Porosity measurements

Page 3: Applied geophysics Well logging Part 4

Physical principles of the measurement

Medium-high energy gamma rays (0.2-2.0 MeV) are emitted from a

chemical source (usually Cesium 137), which is placed into the skid plate of

a density logging tool (the encapsulated source must be driven in a

threaded hole on the surface before lowering down the tool, and it must be

screwed off after the tool has been removed from the hole).

A focused beam of gamma rays penetrates into the formation and most of

the gamma photons interact with the atomic electrons of the formation.

Two interactions have important role from the point of view of formation

density logging:

• Compton scattering (Compton effect),

• photoelectric absorption (photoelectric effect).

For Compton scattering, a gamma photon of medium energy (0.5-1.5 MeV)

collides with one of the electrons of an atom. The gamma ray transfers a

portion of its energy to the electron and leaves the atom with reduced

energy in a modified direction. Both the energy and the direction of

propagation of gamma ray change due to the interaction. As a result of

successive scattering events, the energy of gamma photons gradually

decrease below 150 keV.

Density logging

Page 4: Applied geophysics Well logging Part 4

If the energy level of a gamma photon decreases below 150 keV, the

occurrence of a photoelectric absorption will become more and more

probable.

In the course of a photoelectric effect, a low-energy gamma photon

collides with an atomic electron.

The electron absorbs the gamma ray, which disappears and transfers its

entire energy to the bound electron. If the energy of the incident gamma

ray is sufficiently high, the exited electron can leave the atom

(photoelectron).

Due to the gamma ray absorption, this interaction decreases the number

of gamma photons per unit volume in the formation.

Schematic of Compton scattering Schematic of photoelectric absorption

Density logging

Page 5: Applied geophysics Well logging Part 4

As a result of these two interactions, both the number and the average

energy of gamma rays decrease with the distance from the source.

The rate of change depends on the properties of the formation (rock

matrix, porosity, fluid content etc.).

Two detectors (a near and a far detector) in the tool measure the number

of gamma rays backscattered from the rock formation in the unit of counts

per second (cps).

The higher is the average electron density (number of electrons per unit

volume) of the formation near the logging tool the lower is the detected

count rate (or counting rate). Namely, the electron density controls the

probability of both interactions to occur.

The ratio of near-to-far detector count rate relates to the average electron

density of the formation.

For the most frequent elements in the Earth’s crust, the electron density is

proportional to the atomic mass number and the mass density of materials.

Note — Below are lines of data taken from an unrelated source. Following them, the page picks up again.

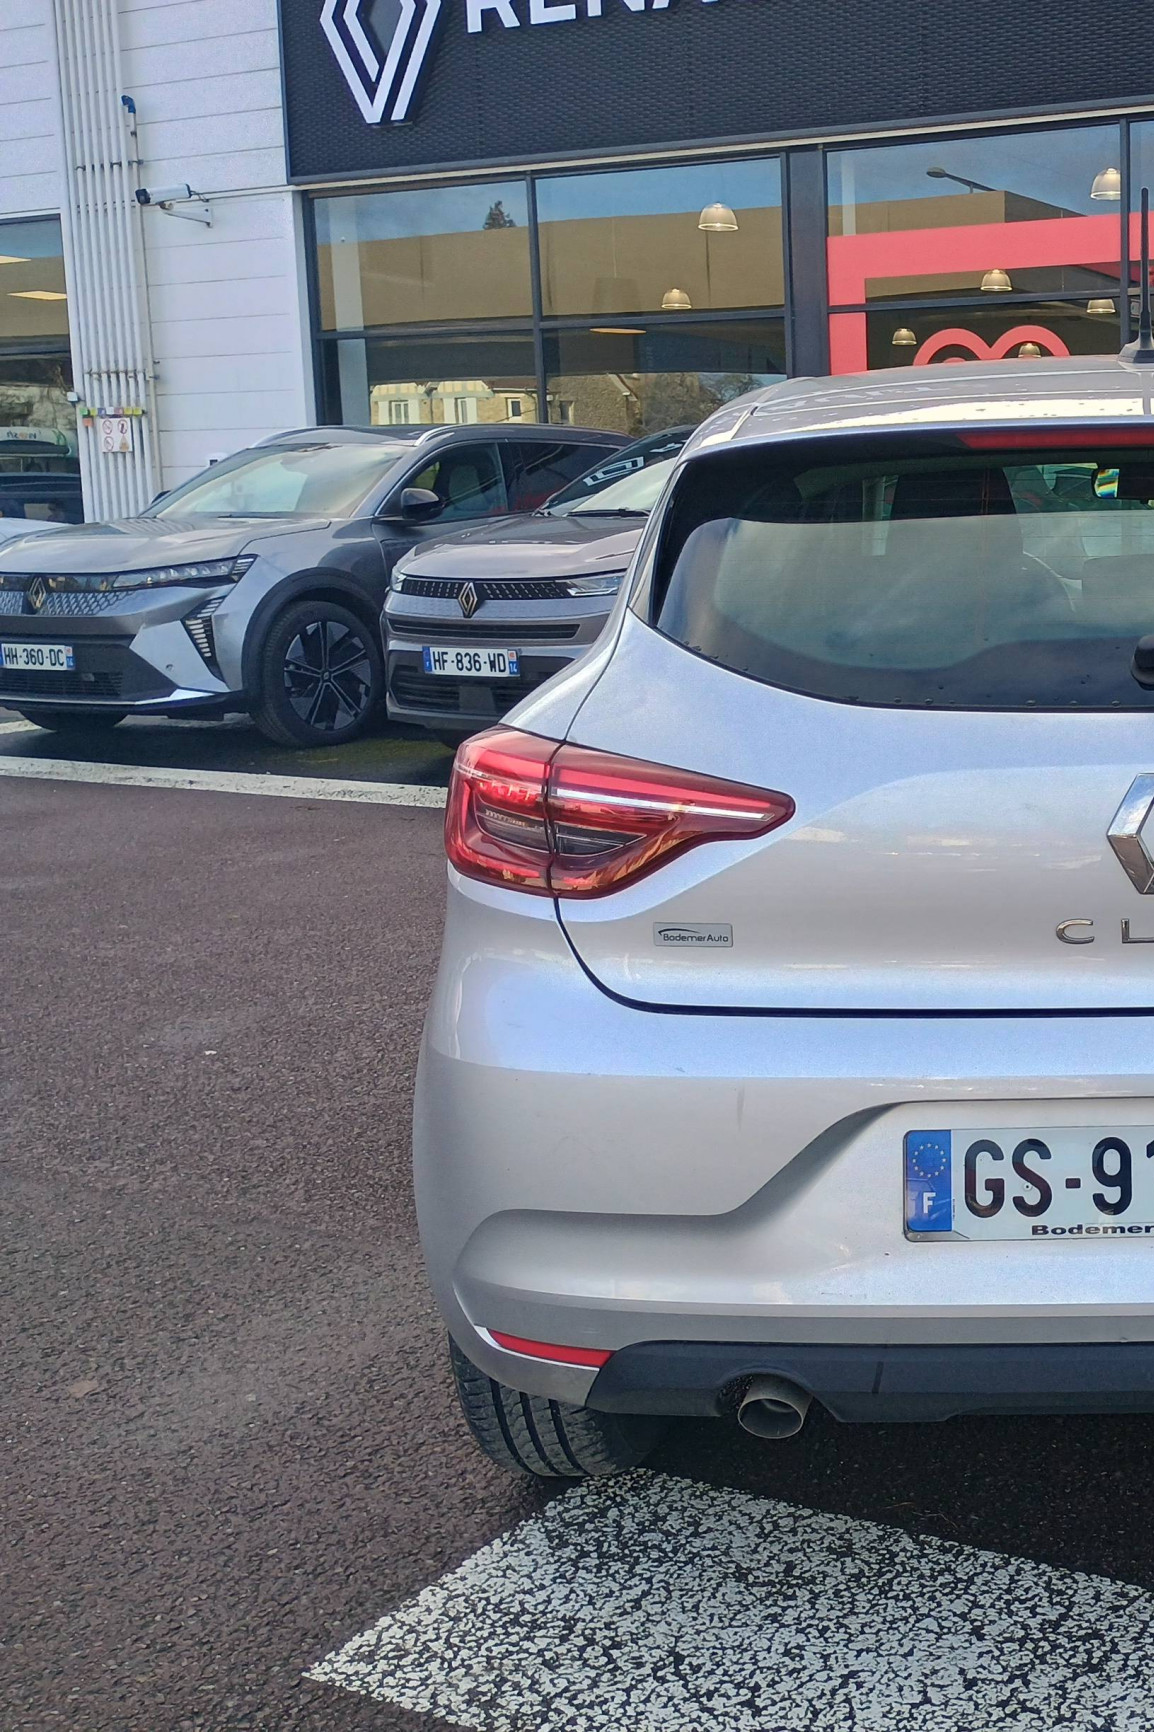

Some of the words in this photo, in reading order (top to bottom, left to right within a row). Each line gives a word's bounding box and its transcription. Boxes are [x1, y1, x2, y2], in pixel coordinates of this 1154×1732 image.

[4, 647, 64, 666] HH-360-DC
[432, 650, 507, 673] HF-836-WD
[663, 933, 729, 942] BodemerAuto
[922, 1191, 936, 1215] F
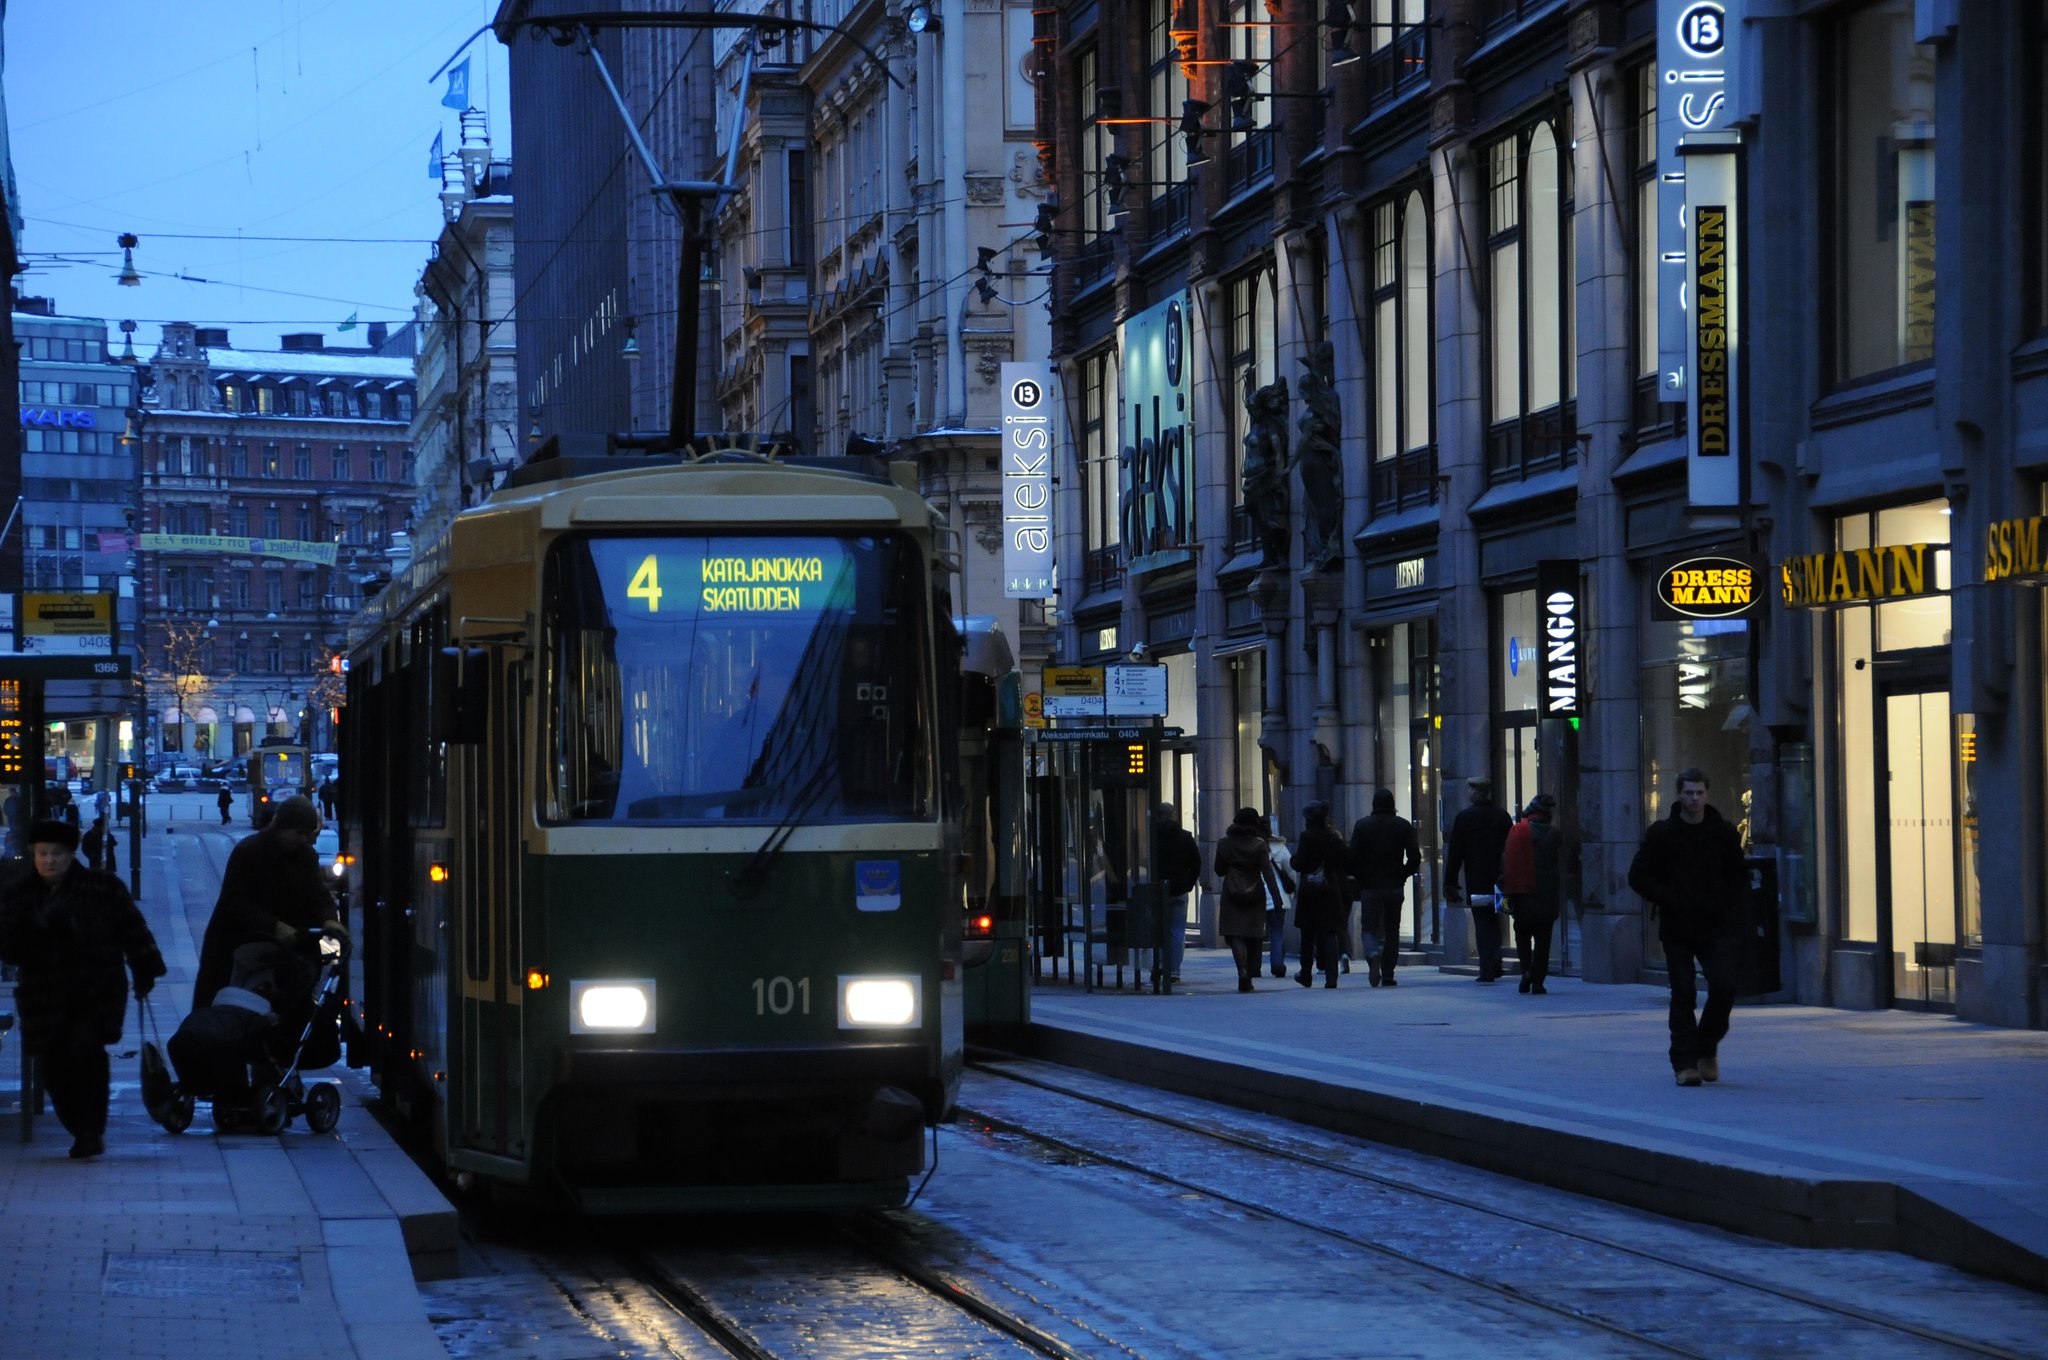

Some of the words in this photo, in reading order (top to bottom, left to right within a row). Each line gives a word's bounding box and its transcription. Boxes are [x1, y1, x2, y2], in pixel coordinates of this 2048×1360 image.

[1690, 14, 1719, 46] 13
[1700, 209, 1727, 453] DRESSMANN
[1168, 323, 1176, 366] 13
[1018, 386, 1034, 403] 13
[1005, 415, 1048, 552] aleksi
[1123, 393, 1184, 561] aleksi
[627, 554, 662, 612] 4
[702, 558, 822, 582] KATAJANOKKA
[1671, 569, 1752, 586] DRESS
[703, 588, 800, 611] SKATUDDEN
[1671, 587, 1752, 604] MANN
[79, 637, 113, 648] 0403
[1546, 592, 1577, 712] MANGO
[94, 663, 118, 673] 1366
[1115, 668, 1120, 676] 4
[1081, 697, 1102, 705] 0404
[1041, 731, 1109, 739] Aleksanterinkatu
[1118, 730, 1139, 738] 0404
[752, 976, 810, 1015] 101

Thus, the ratio of the near-to-far detector count rate can be converted into

the unit of bulk density (g/cm3) by means of a relationship coming from a

appropriate calibration procedure.

Density logging

Page 6: Applied geophysics Well logging Part 4

An advanced variants of the conventional density logging is the so-called

spectral-density (Z-density logging or Litho-Density logging).

In a spectral density tool, both detectors measure the count rates of two

separated energy ranges simultaneously.

The count rates of higher energy gamma rays (coming from Compton

scattering) relates to the bulk density, while the count rates of lower

energy gamma rays are chiefly affected by the photoelectric absorption.

By means of the joint application of these detector count rates, not only

the bulk density but also the so-called photoelectric factor of the

formations can be estimated.

While the bulk density relates to the porosity of formation, the photoelectric

factor characterizes the lithology of the formation (it primarily depends on

the average atomic number of the elements forming the rock).

The photoelectric factor is just less dependent on the porosity and the fluid

type.

Density logging

Page 7: Applied geophysics Well logging Part 4

Operational conditions of density logging:

• the tool can be run either in open holes or in cased holes,

• it requires a decentralized position in the borehole because of its

shallow investigation depth (15-20 cm),

• there is no limit for the types of borehole fluids (gas or air, water or

water-based mud, oil or oil-based mud can be used).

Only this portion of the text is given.